View of sassi with Cathedral at summitSome of the sassi have also been renovated and restored as stylish residences with all the trappings of modern life such as WiFi, cable TV and air conditioning. However, not all the sassi have been renovated and there are long stretches of uninhabited sassi in various stages of arrested decay.

Primarily because of the sassi, Matera has been designated a UNESCO World Heritage site and appointed the European Union’s Cultural Capital for the year 2019.

But there is much more to Matera than the sassi. My intrepid companion and wife, Julie, and I recently spent several very enjoyable weeks in Matera visiting museums and craft studios, attending concerts at the local musical conservatory and, of course, visiting centuries-old palazzi, churches and cathedrals. It is an incredibly friendly, engaging and, yes, safe city. The time we spent in Matera was one of our most relaxing and enjoyable Italian adventures in years.

Since Matera has approximately 58,000 inhabitants, it is not exactly a small town by Italian standards. While the city has some grungy areas with architecture evocative of some former Soviet bloc countries, the Centro Storico, the town’s historic center, is very attractive and has a small-town vibe with its tangle of winding streets and narrow alleys filled with people out and about, daily farmers’ market, bakeries, sidewalk caffes and gelaterias.

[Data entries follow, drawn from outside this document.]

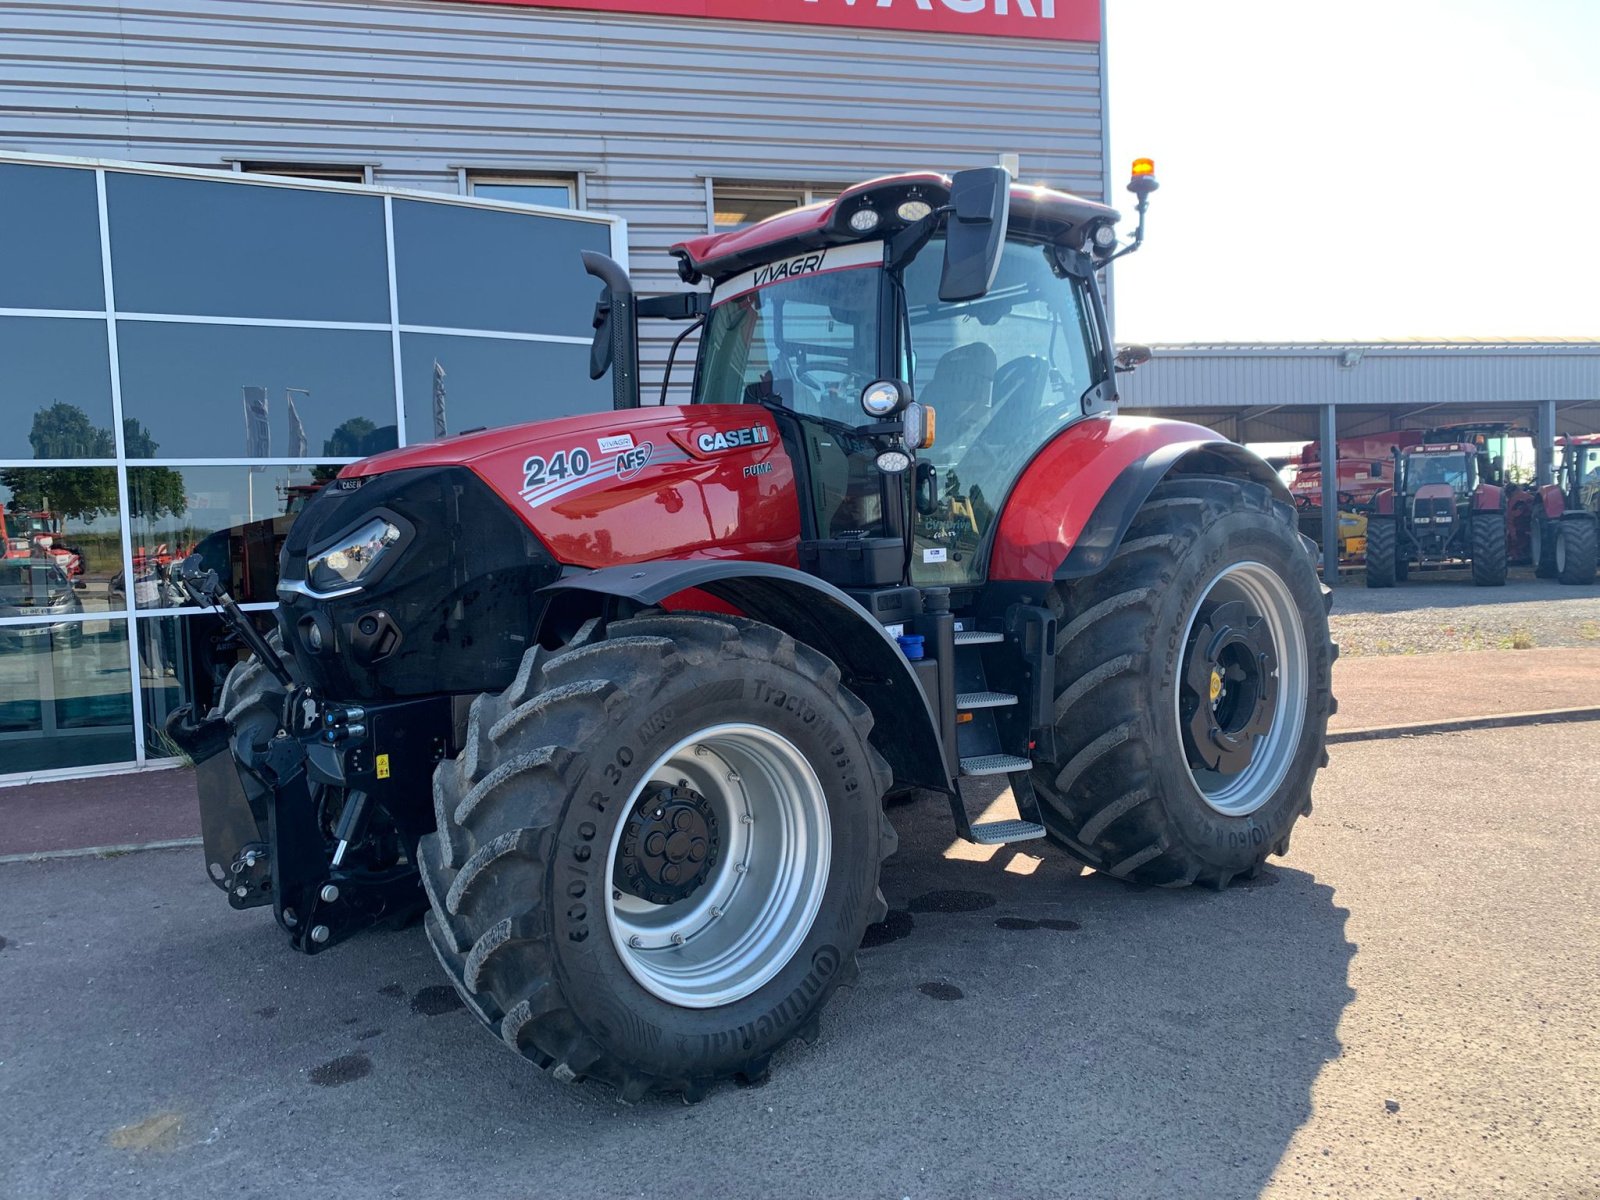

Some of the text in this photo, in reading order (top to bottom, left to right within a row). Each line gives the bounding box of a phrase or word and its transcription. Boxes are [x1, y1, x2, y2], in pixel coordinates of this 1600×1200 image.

[753, 250, 827, 287] VIVAGRI
[698, 428, 752, 452] CASE
[523, 447, 591, 489] 240
[616, 449, 646, 473] AFS
[743, 462, 773, 478] PUMA
[566, 822, 597, 943] 600/60
[589, 791, 610, 813] R
[604, 746, 634, 786] 30
[703, 944, 841, 1050] Continental
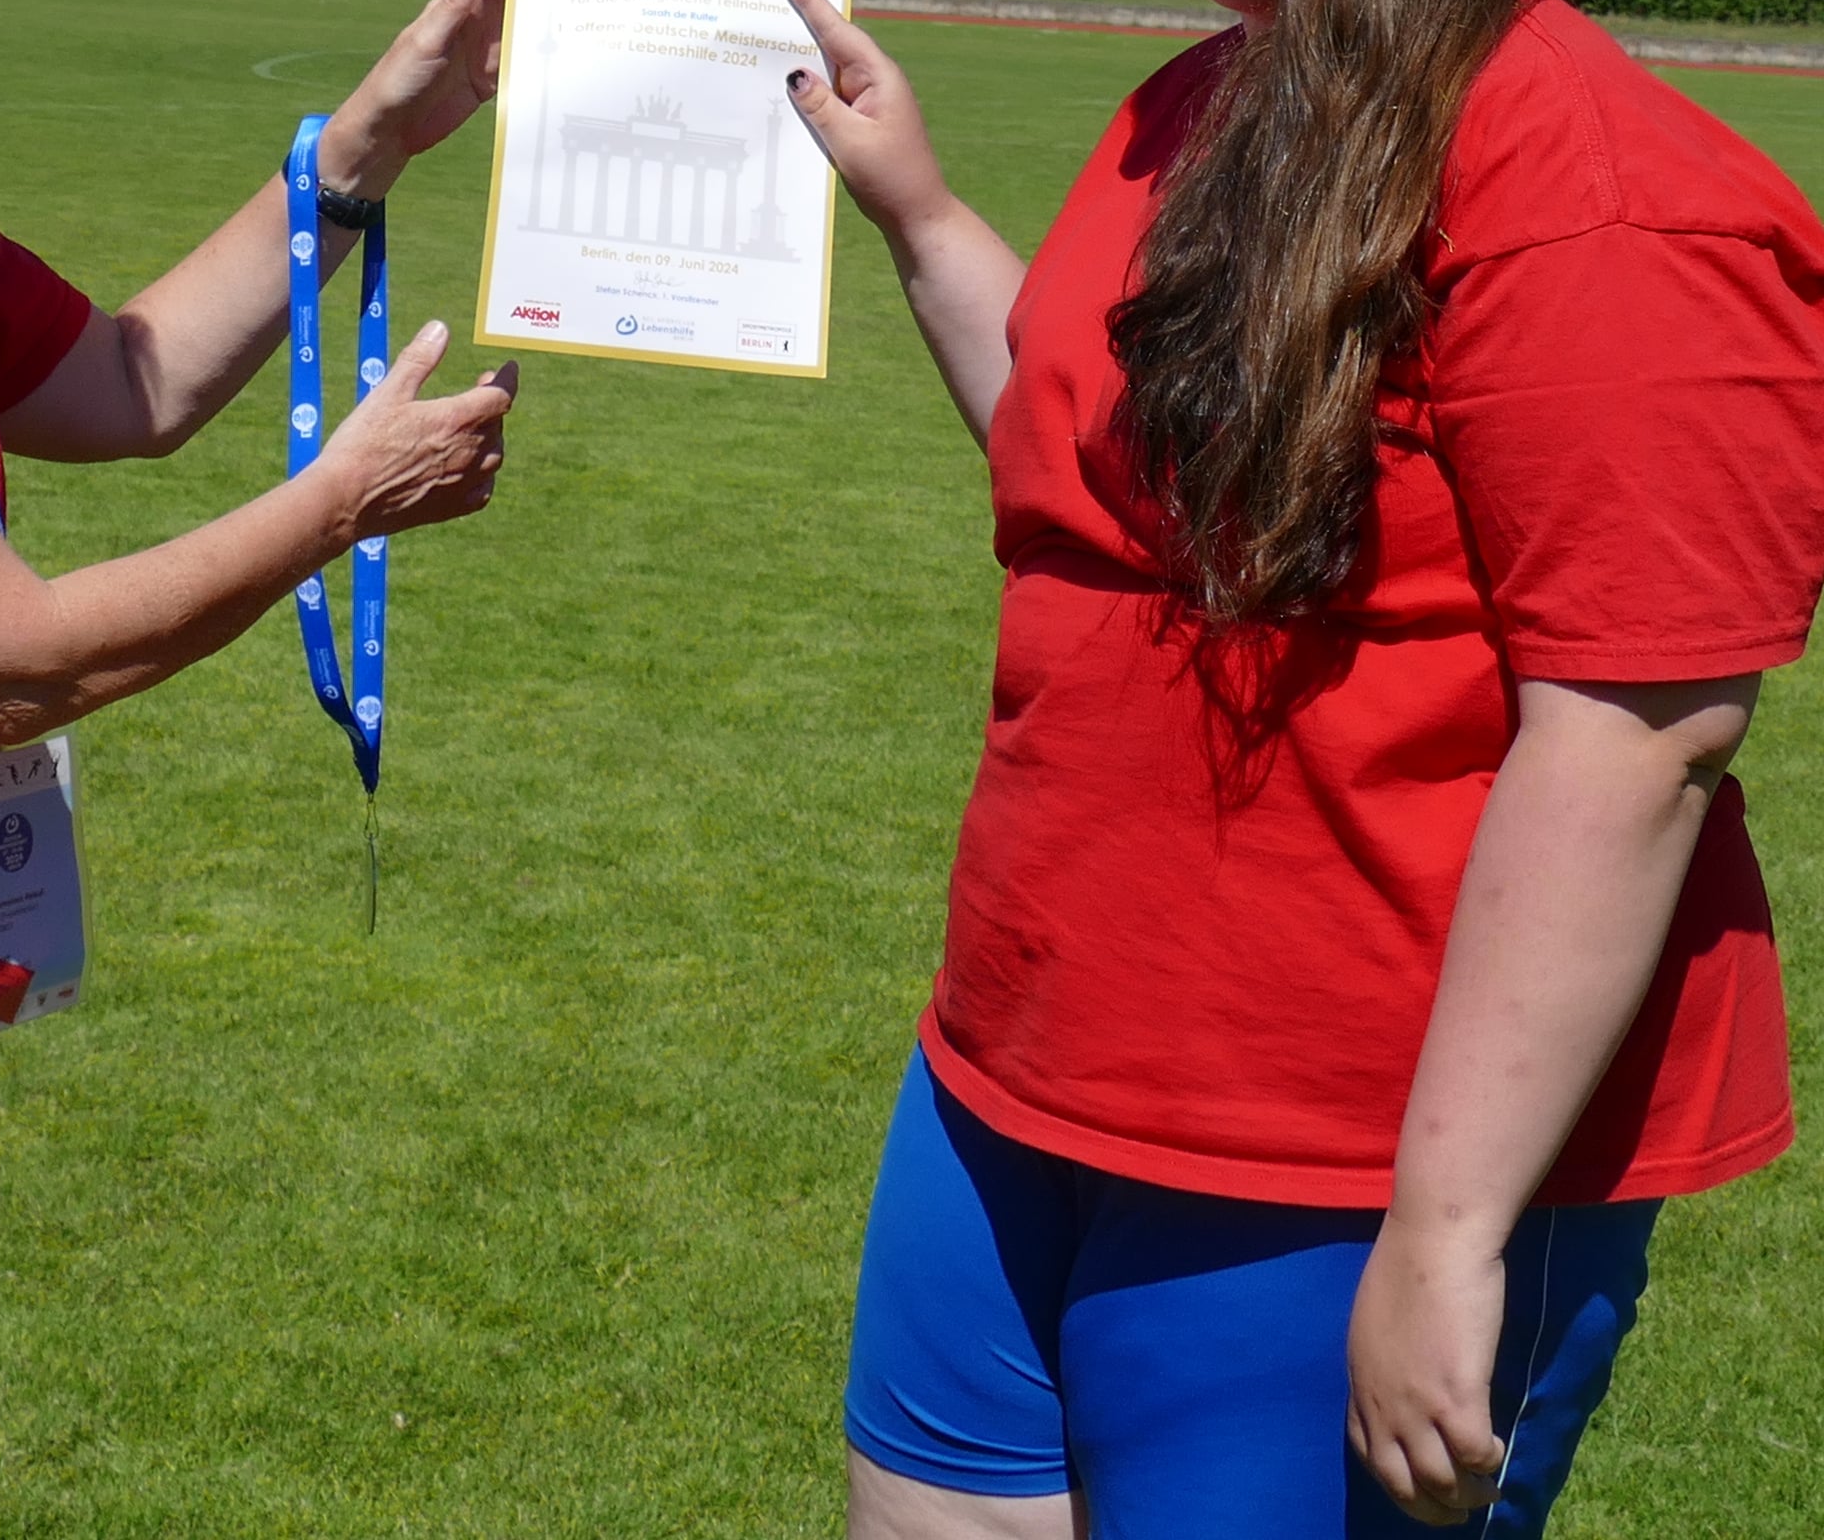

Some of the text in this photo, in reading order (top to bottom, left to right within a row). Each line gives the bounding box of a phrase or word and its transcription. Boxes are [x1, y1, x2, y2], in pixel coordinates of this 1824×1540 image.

[641, 8, 671, 17] Sarah
[673, 11, 687, 19] de
[575, 22, 626, 32] offene
[632, 22, 709, 39] Deutsche
[714, 30, 817, 57] Meisterschaft
[627, 39, 717, 62] Lebenshilfe
[722, 51, 757, 67] 2024
[580, 245, 620, 263] Berlin,
[625, 251, 651, 264] den
[678, 258, 705, 270] Juni
[708, 261, 739, 275] 2024
[595, 285, 620, 294] Stefan
[641, 323, 695, 336] Lebenshilfe
[741, 338, 772, 348] BERLIN

Because most of the places of interest to visit are in Matera’s relatively compact historic center and non-resident automobiles are prohibited in the historic center, visitors are probably best served by staying at a B&B or hotel in the historic center or within walking distance of the historic center. We stayed at La Corte B&B, a small, pleasant and accommodating B&B owned and managed by the charming Angela. La Corte is centrally located with convenient access to Piazza Sedile, restaurants and the Cathedral. But there are numerous B&Bs and boutique hotels at all price points in Matera's historic center.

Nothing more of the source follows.